The company’s production has been quite volatile for several years. Their average output has been 16 batches per week but some weeks were much higher and others much lower. The process has been out-of-control. As a result of using the Day-by-the-Hour approach to track, control, and improve the process, their output has reached a consistent 22 batches per week for over one year now. There is no magic here!! They achieved this by close attention to the process, and taking action to fix short-term issues, and solve the longer term issues. This is Continuous Improvement or Kaizen.


Our second example involves a  medium-sized, privately held company making a range of products including a value stream that produces very large steel vessels. These are cut and welded from sheet steel.  A number of fittings, valves, and connectors are welded in, and they are cleaned and coated inside and out.
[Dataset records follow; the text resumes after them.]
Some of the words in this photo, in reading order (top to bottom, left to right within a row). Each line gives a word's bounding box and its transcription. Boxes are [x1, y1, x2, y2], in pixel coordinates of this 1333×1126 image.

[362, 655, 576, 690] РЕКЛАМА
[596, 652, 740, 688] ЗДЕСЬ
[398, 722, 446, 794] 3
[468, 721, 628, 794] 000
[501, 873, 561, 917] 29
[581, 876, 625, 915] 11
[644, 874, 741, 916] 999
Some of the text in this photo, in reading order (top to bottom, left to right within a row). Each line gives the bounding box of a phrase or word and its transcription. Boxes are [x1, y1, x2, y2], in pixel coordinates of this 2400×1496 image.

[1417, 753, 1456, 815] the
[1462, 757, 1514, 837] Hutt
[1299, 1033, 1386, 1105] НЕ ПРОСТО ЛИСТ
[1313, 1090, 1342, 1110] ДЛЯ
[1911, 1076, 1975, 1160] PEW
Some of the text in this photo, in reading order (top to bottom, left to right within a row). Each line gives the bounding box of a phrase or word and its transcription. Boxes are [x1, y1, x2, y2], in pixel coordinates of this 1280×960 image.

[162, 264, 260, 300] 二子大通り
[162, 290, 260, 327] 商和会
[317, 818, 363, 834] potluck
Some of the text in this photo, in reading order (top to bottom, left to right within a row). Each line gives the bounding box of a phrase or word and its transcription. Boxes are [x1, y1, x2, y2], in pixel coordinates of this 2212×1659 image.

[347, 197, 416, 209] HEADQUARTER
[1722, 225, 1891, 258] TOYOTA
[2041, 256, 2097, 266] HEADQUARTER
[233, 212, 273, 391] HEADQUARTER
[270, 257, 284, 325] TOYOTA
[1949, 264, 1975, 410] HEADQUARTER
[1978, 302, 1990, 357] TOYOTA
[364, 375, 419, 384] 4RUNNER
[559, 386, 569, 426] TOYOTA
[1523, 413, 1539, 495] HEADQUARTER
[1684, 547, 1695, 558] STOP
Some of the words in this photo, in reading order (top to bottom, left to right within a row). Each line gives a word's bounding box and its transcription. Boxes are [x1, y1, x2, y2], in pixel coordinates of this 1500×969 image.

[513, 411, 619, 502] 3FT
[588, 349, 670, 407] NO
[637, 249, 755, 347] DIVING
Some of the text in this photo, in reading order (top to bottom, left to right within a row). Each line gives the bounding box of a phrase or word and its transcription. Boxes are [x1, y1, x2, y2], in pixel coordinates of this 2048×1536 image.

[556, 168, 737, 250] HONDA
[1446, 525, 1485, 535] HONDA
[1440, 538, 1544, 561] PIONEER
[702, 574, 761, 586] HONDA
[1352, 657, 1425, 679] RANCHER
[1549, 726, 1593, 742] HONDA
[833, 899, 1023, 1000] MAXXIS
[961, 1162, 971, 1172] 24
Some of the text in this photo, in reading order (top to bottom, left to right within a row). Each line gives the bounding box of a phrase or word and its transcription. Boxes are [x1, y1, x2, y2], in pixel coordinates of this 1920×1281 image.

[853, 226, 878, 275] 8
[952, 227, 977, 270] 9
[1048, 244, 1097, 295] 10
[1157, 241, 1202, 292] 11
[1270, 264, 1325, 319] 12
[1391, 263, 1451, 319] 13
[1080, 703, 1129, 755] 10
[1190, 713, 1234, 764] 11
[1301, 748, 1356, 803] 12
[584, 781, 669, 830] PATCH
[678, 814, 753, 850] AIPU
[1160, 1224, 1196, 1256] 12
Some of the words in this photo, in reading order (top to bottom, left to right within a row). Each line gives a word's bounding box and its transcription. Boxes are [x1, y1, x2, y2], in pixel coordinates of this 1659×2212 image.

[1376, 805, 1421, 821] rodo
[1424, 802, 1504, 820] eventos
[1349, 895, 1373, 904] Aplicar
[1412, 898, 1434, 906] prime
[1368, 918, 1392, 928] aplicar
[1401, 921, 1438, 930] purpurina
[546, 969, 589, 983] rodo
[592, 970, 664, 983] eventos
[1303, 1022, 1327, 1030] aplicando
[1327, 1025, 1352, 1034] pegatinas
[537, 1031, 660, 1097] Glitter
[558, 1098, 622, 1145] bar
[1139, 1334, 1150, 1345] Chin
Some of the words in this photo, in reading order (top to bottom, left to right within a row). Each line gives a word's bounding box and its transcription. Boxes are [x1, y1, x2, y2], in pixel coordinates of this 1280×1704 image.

The manufacturing process takes a similar route for most of the vessels but there are a lot of differences from one customer to another. The company has a pull-system “supermarket” of finished vessels based on customer forecasts of requirements. There is a visual planning board that includes heijunka (level scheduling) to provide an appropriate sequence of production for long and short lead times, and to maximize the flow through the final coating process that also is the value stream bottleneck. The production time averages 20 hours but can vary considerably.


Each time they begin to manufacture a vessel, the supervisors set the times required at each of the major steps in the process. These are posted by hand at the appropriate steps showing the start & stop times. At the beginning of the process the fabrication is done at stationary fixtures; later in the process the vessels are placed on large, wheeled carts that are moved through the process using tuggers.

The start and stop times are posted on boards for the stationary fixtures, and placed in the carts using magnetic signs.

As production proceeds the operators monitor the times taken and report the actual against the planned start and stop times. They also record reasons for delays or other problems. This is the equivalent of the “normal” DBTH, and is recorded on a daily “slope chart” for that day’s production. These charts are updated at the time the task is complete – not at a regular cadence because of the variability of the times taken.


The supervisors use the DBTH as input to their Week-by-the-Day slope chart monitoring the weekly output. The production engineers create similar slope charts that document the issues and problems that occur throughout each day and each week.


These visual plans and DBTH charts:

  1. Control the process through the day and night shifts.
  2. Identify the causes of production problems when they occur.
  3. Trigger short-term action to immediately address the problems.
  4. The cumulative monthly charts enable the supervisors to schedule better and to level production, by showing real-time process information.
  5. The documented problems are analyzed by the production engineers and supervisors, and instigate many improvements small and large.


Over the last 3 or 4 years the production capacity of the value stream has DOUBLED from 20 per week to 40 per week without significant investment or restructuring. The bottleneck now has become the shortage of qualified and experienced welders and operators.


DBTH is a simple but vital tool to control lean flow through production and other regular business processes. It also provides the data required to make real continuous improvement to the process.

DBTH works very well with long and variable production processes. You just have to tailor your DBTH to address your company’s unique issues.  DBTH applies to all companies making Lean happen successfully.